____ Data supplied

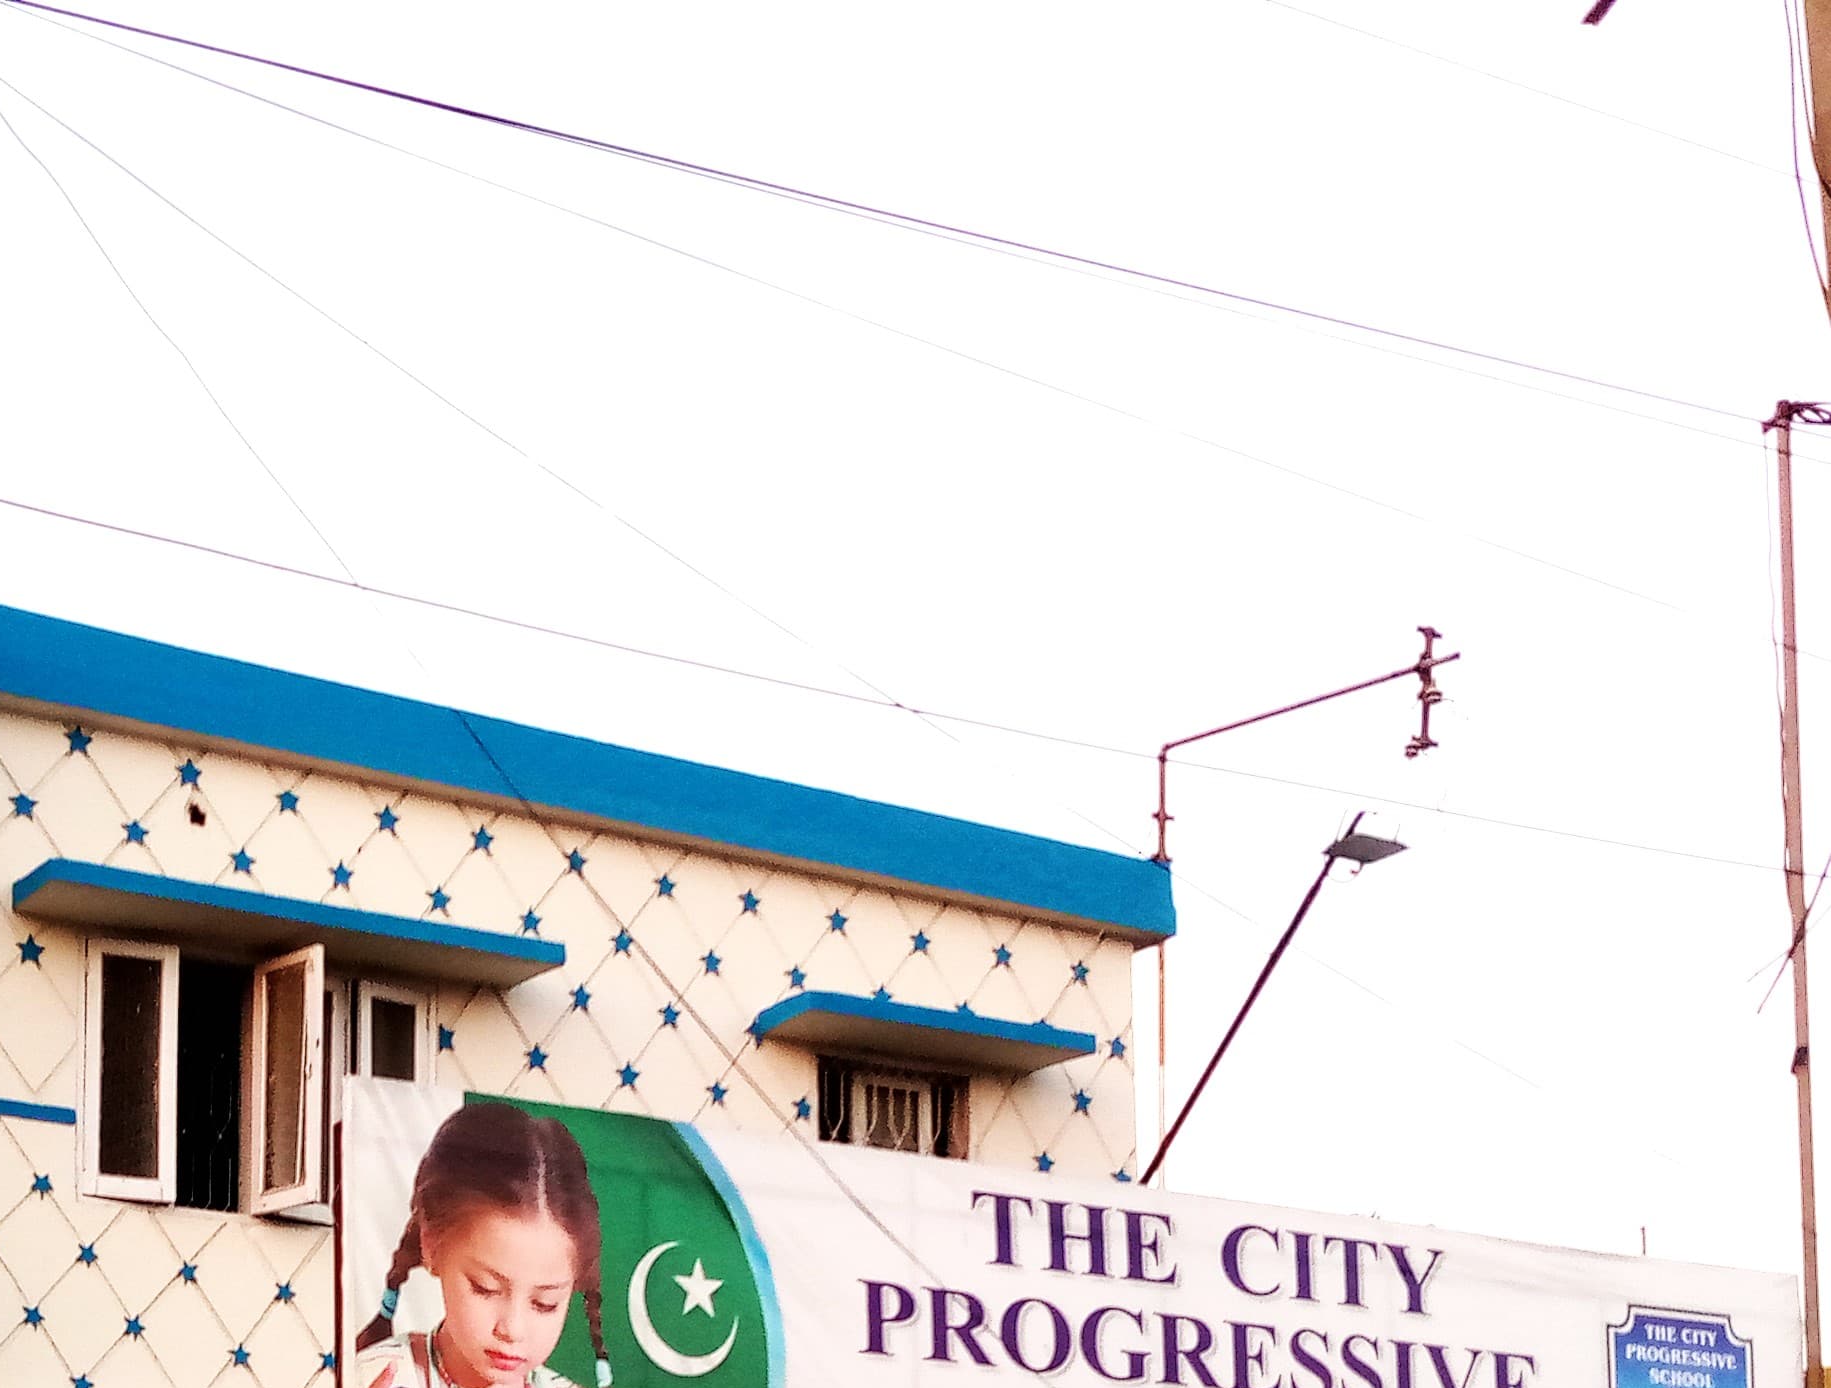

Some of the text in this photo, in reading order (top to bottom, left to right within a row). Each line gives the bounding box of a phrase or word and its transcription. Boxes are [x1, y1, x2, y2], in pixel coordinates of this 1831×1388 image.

[971, 1190, 1444, 1315] THE CITY
[1644, 1323, 1717, 1347] THE CITY
[1625, 1343, 1737, 1370] PROGRESSIVE
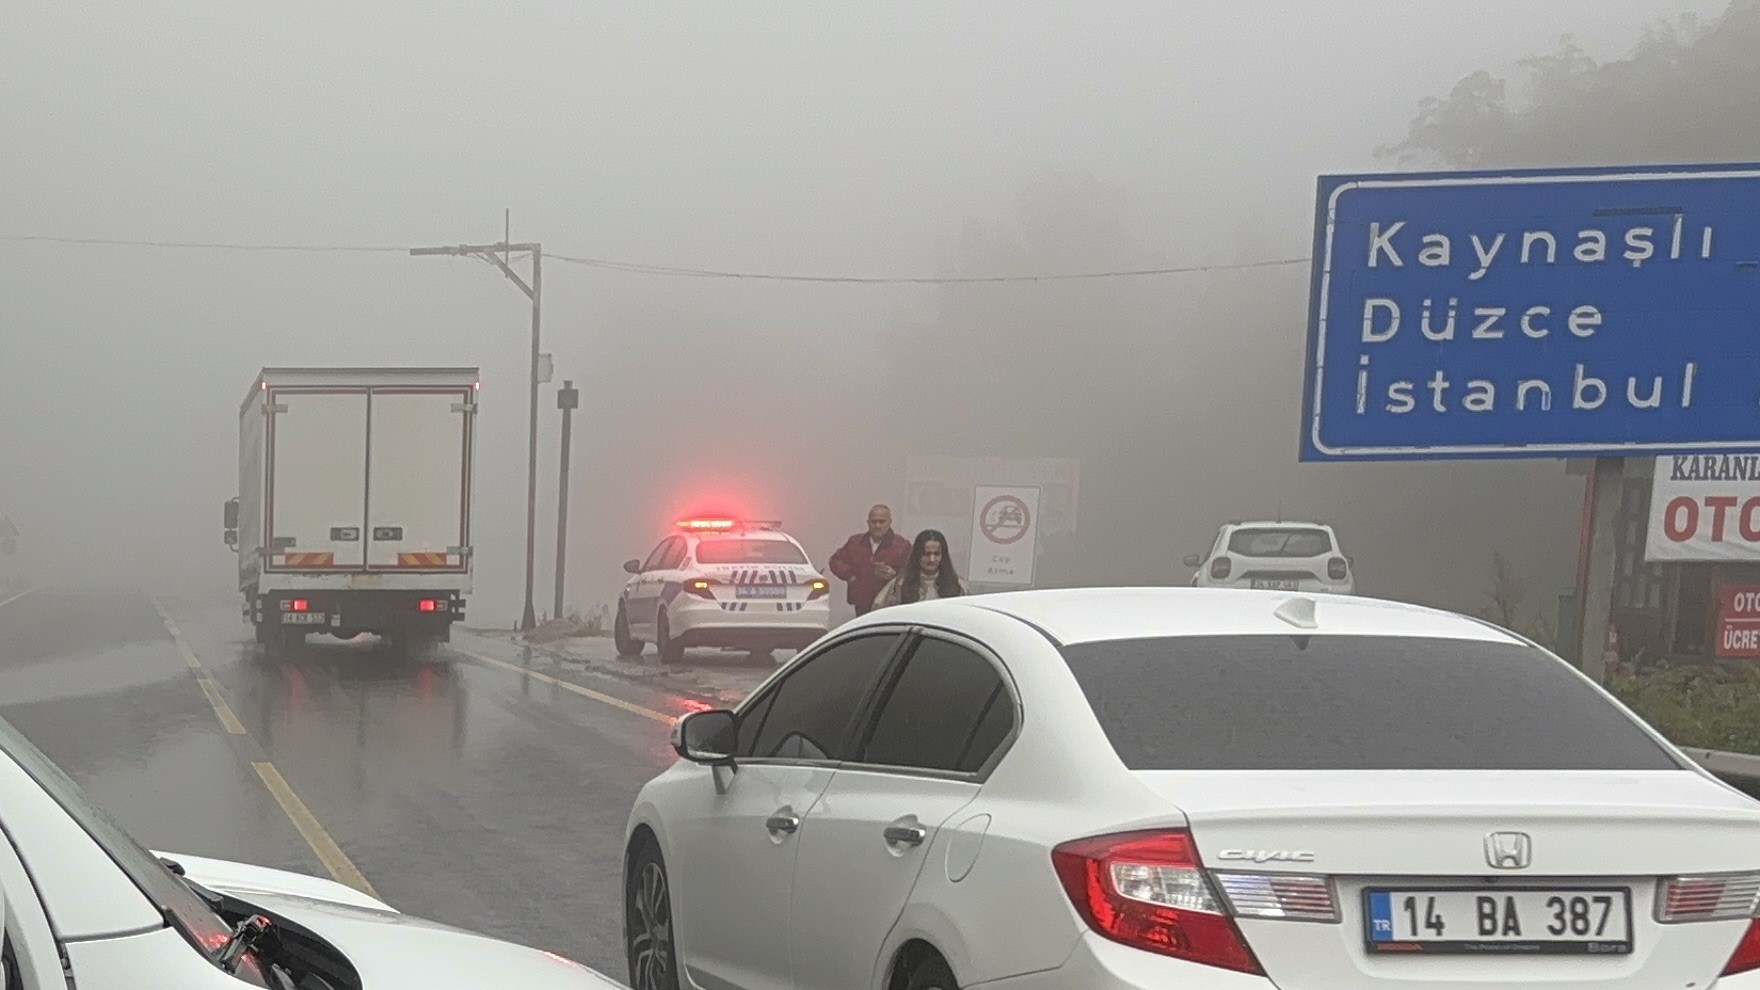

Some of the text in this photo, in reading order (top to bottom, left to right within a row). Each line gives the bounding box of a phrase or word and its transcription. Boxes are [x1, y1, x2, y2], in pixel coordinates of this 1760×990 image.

[1367, 213, 1713, 281] Kaynaşlı
[1360, 297, 1603, 344] Düzce
[1356, 354, 1695, 415] İstanbul
[1723, 624, 1760, 650] ÜCRE
[1373, 919, 1392, 931] TR
[1403, 896, 1613, 937] 14 BA 387

________

• **Activity**: From the first line to the last, repeat the records exactly and skip the pictures.

• **Exercise result**:
Some of the text in this photo, in reading order (top to bottom, left to right within a row). Each line gives the bounding box of a phrase or word and its transcription. Boxes are [x1, y1, x2, y2], in pixel coordinates of this 1831×1388 image.

[971, 1190, 1444, 1315] THE CITY
[1644, 1323, 1717, 1347] THE CITY
[1625, 1343, 1737, 1370] PROGRESSIVE

Some of the text in this photo, in reading order (top to bottom, left to right within a row). Each line gives the bounding box of a phrase or word and its transcription. Boxes are [x1, y1, x2, y2], in pixel coordinates of this 1760×990 image.

[1367, 213, 1713, 281] Kaynaşlı
[1360, 297, 1603, 344] Düzce
[1356, 354, 1695, 415] İstanbul
[1723, 624, 1760, 650] ÜCRE
[1373, 919, 1392, 931] TR
[1403, 896, 1613, 937] 14 BA 387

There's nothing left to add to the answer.